A brand new entrance has opened at Bank tube station making the Waterloo & City line considerably easier to use, and reducing congestion in the ticket hall for everyone else.

The smart bronze and stone of the mighty Bloomberg Building now gaining the familiar tube roundel poking out from one side to indicate the arrival of a new way down into Bank tube station.

Until this morning, access to the W&C line was via the main ticket hall, then a sloping travolator or staircase down to the tube platforms.

Now, a brand new entrance has opened underneath the new Bloomberg building, with escalators directly down to the tube platforms. It offers a faster route down to the W&C line, and helps divert some traffic away from the ticket hall.

For some users it will also offer an alternative route to the other lines via the tunnel from the W&C platforms.

However, the new entrance is very late in being delivered, having originally been expected to open in late 2015, the opening was pushed back to late 2017 due to delays in completing the concrete box thanks to one of recent year’s most impressive archeological discoveries.

However, although the box was eventually completed by the construction of the Bloomberg building, there has been a long list of delays to works being carried out by London Underground to turn the concrete box into a functioning tube station entrance.

Deadlines were announced, and missed, repeatedly. Problems with the fire doors and the contractor seem to have been the main cause of the recent problems.

However, the latest deadline, of by the end of November, has just about been achieved, with barely a few hours to spare.

A flurry of last minute activity could be seen inside the previously shuttered gates and just at 10am, a lady came out to add the final touch to the new entrance — the tube map.

And, fittingly for a late delivery, the entrance which was expected to open at 10am, opened at 10:15am.

So has the wait been worth it?

Considering the modest entrance, inside is a surprisingly large space, with the usual ticket machines and barriers, and no ticket office.

A bank of escalators take you down to a landing floor, and here, a flourish has been added with a backlit set of graphics showing the Roman heritage of the site.

This was the heart of the early Roman London, and we are going down escalators just as Romans would have walked down what was the steep valley of the Walbrook river.

The backlit wall also creating the pleasing illusion of being in a room with windows and the sun streaming in, which is a little odd this deep underground.

A second bank of escalators take you down to the W&C line platforms, with a patterned ceiling above and adding a bit of decoration to the otherwise fairly unitary concrete, blue panels and steel of the rest of the space.

On the opening morning, the ticket hall was filled with staff who came to see their shiny new thing finally open after so many delays, and down at the W&C line, staff trying to tell passengers streaming off the trains to use the new entrance.

Such is the nature of people that if they see an open door they’ll walk through it, so within seconds of the gates opening, people seeing a tube sign started using the new entrance to get down, then at the bottom following signs to the other tube lines.

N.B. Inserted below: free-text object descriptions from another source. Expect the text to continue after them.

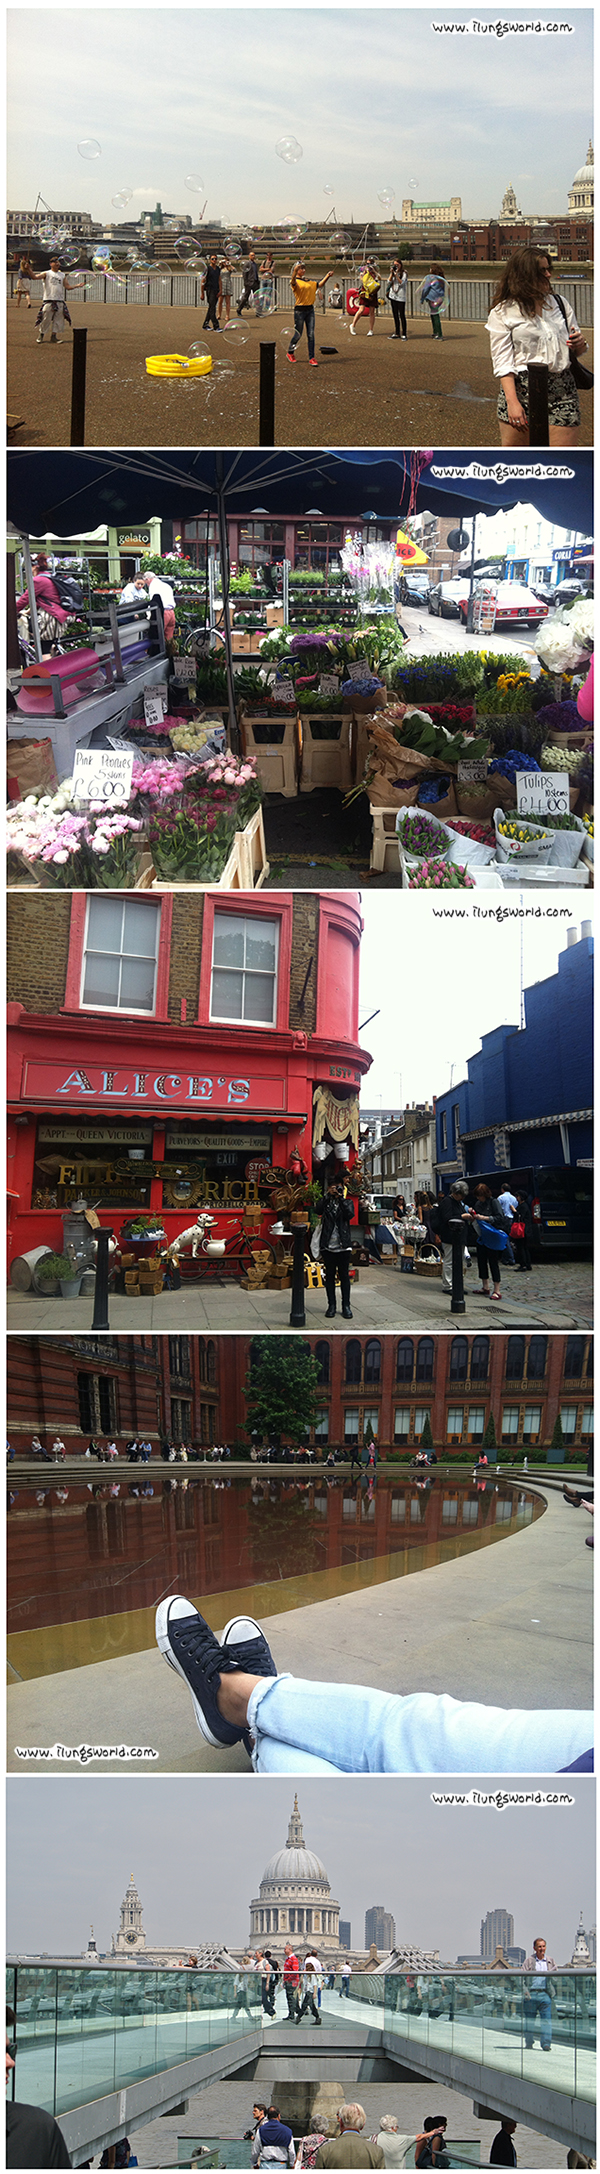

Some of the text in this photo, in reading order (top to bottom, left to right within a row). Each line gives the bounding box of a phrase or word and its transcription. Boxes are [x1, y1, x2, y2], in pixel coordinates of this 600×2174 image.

[119, 533, 149, 544] gelato
[76, 752, 93, 765] Pink
[94, 768, 106, 780] 5
[518, 774, 553, 789] Tulips
[56, 1070, 250, 1103] ALICE'S
[76, 1129, 104, 1141] QUEEN
[107, 1130, 146, 1140] VICTORIA
[217, 1153, 236, 1164] EXIT
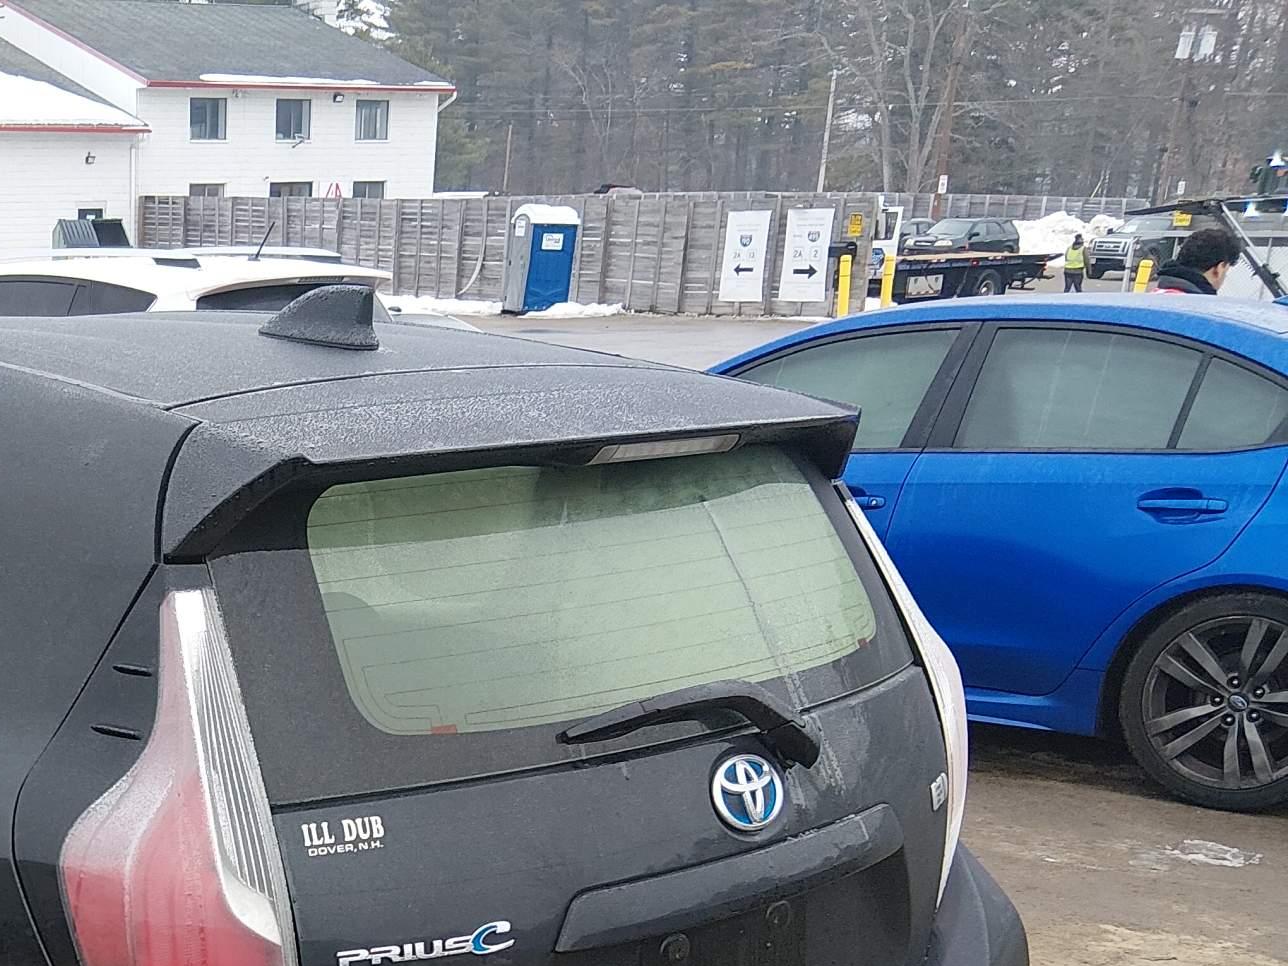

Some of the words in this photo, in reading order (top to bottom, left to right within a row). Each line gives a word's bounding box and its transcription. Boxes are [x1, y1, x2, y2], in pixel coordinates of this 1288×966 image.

[301, 821, 335, 847] ILL
[341, 815, 385, 842] DUB
[308, 843, 358, 857] DOVER,
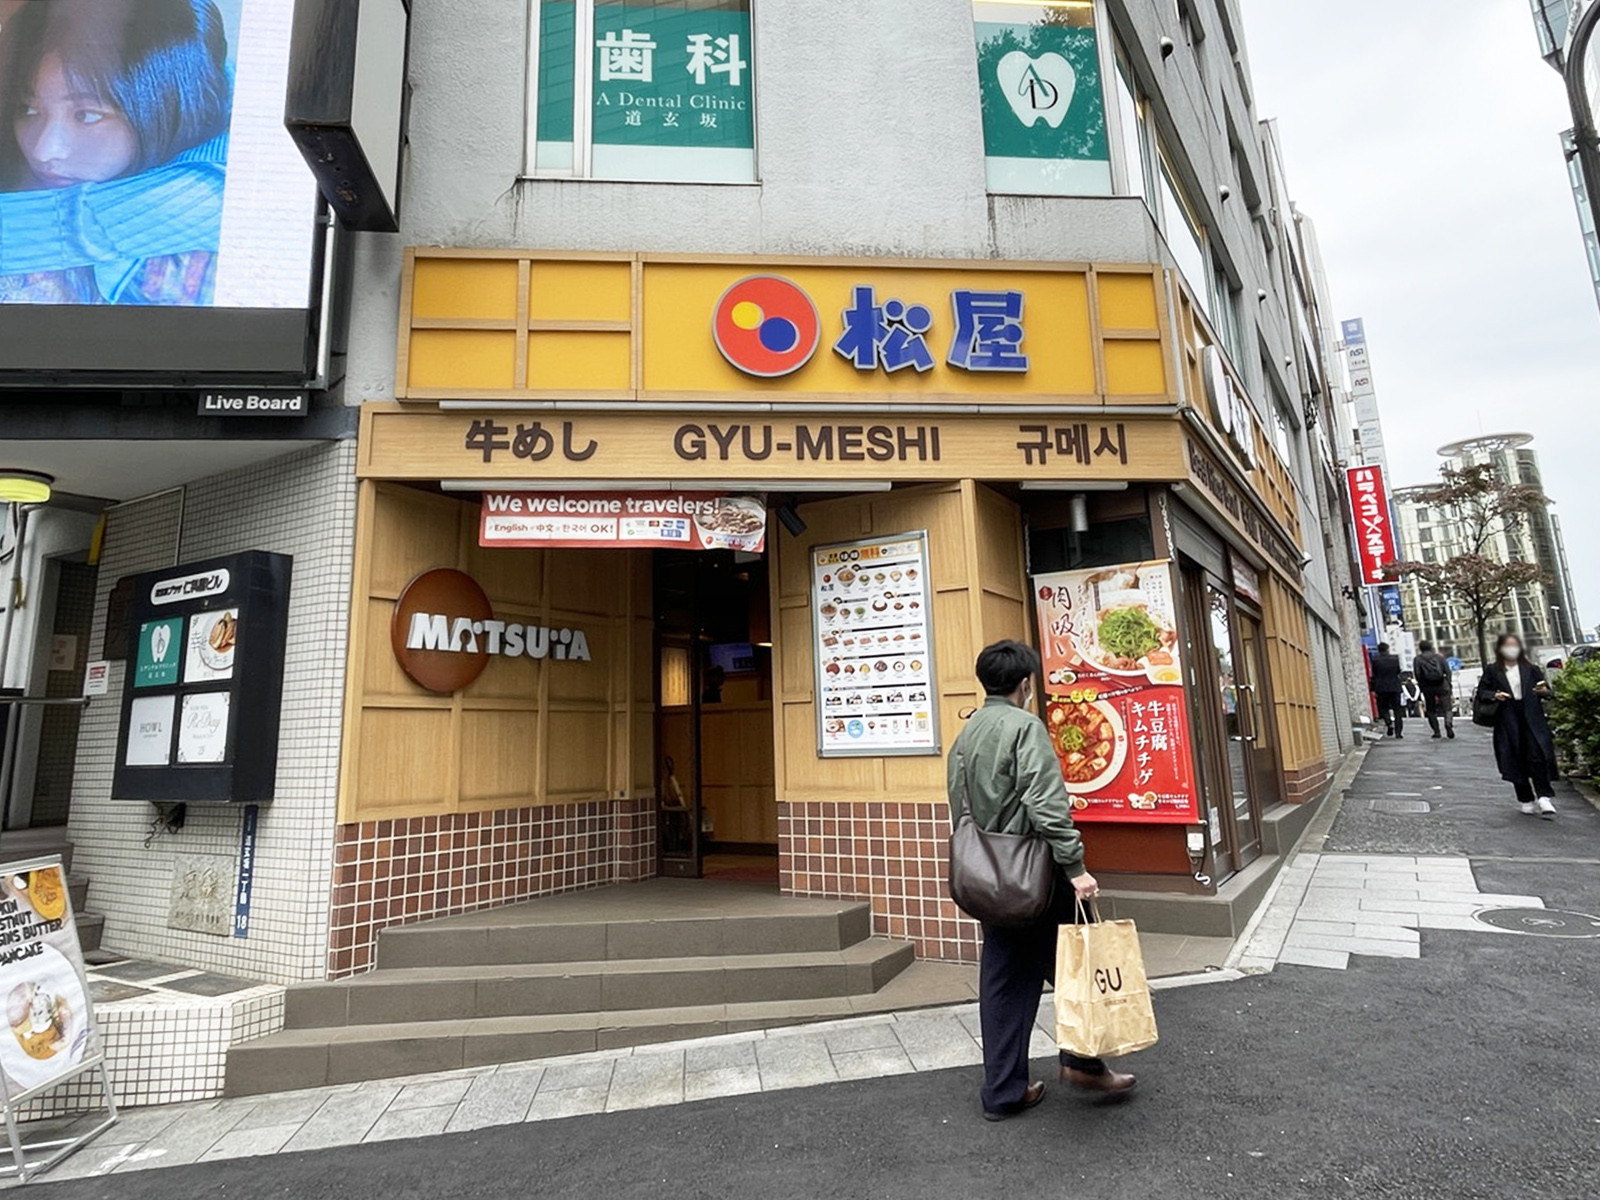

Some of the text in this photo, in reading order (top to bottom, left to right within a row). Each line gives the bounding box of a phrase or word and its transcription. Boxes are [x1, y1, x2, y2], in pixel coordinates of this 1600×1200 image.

[596, 29, 748, 86] 歯科
[596, 92, 746, 111] A Dental Clinic
[624, 110, 718, 128] 道玄坂
[833, 285, 1030, 373] 松屋
[205, 395, 302, 411] Live Board
[465, 419, 598, 463] 牛めし
[674, 423, 941, 461] GYU-MESHI
[1016, 423, 1128, 465] 규메시
[487, 494, 720, 515] We welcome travelers!
[494, 523, 614, 534] English 中文 한국어 OK!
[407, 612, 592, 661] MATSUYA
[1051, 586, 1080, 655] 肉吸い
[140, 721, 162, 733] HOWL
[1146, 700, 1169, 751] 牛豆腐
[1131, 701, 1154, 786] キムチチゲ
[22, 917, 63, 940] BUTTER
[236, 914, 248, 930] 18
[1094, 966, 1123, 995] GU
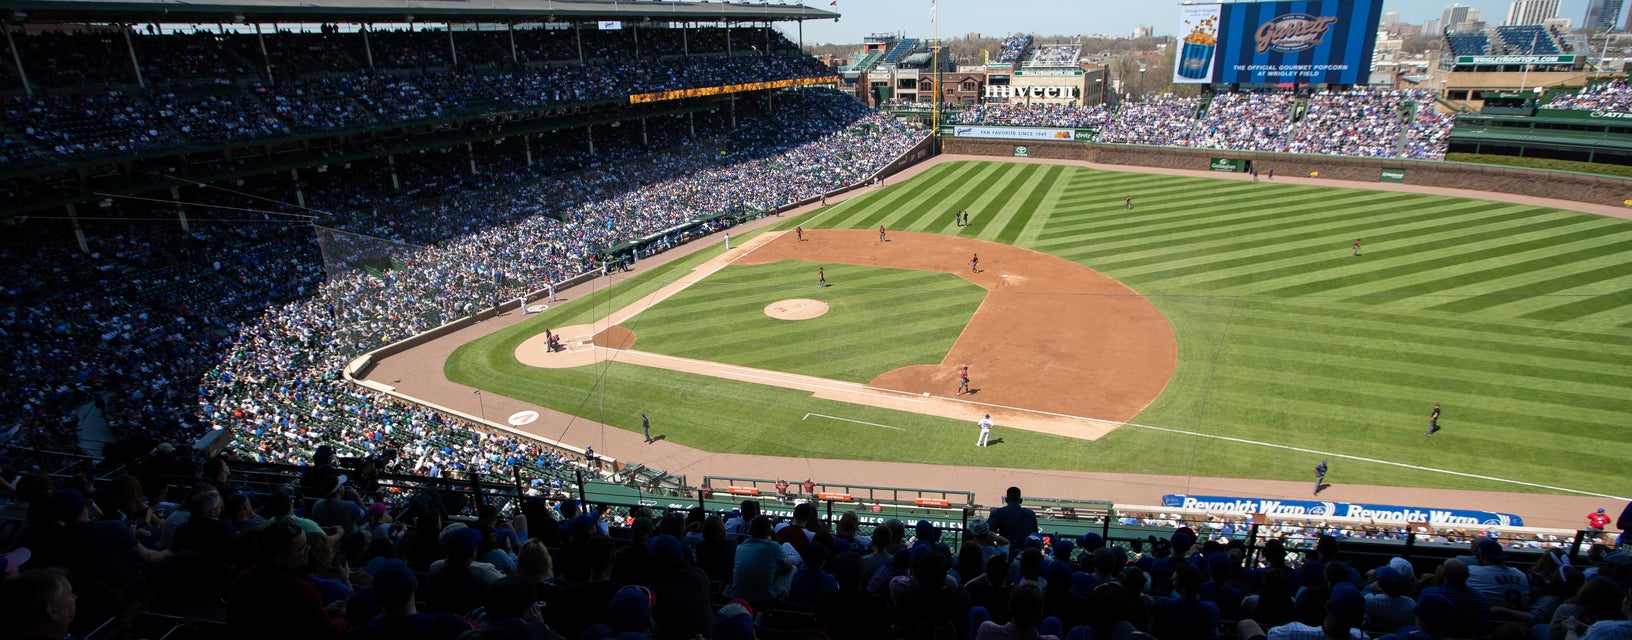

Overall the decor — roman panels aside — is a basic design that does the job well, but the most notable effect is the space. There’s a lot of space especially at the lower level that’s in contrast to the cramped tunnels in the rest of the station.

The new entrance adds new escalators to the station, plus an additional lift down to the W&C line, which indirectly improves accessibility to the DLR.

In a few years time, those cramped tunnels will also get a lot larger when the Bank Upgrade Project is completed.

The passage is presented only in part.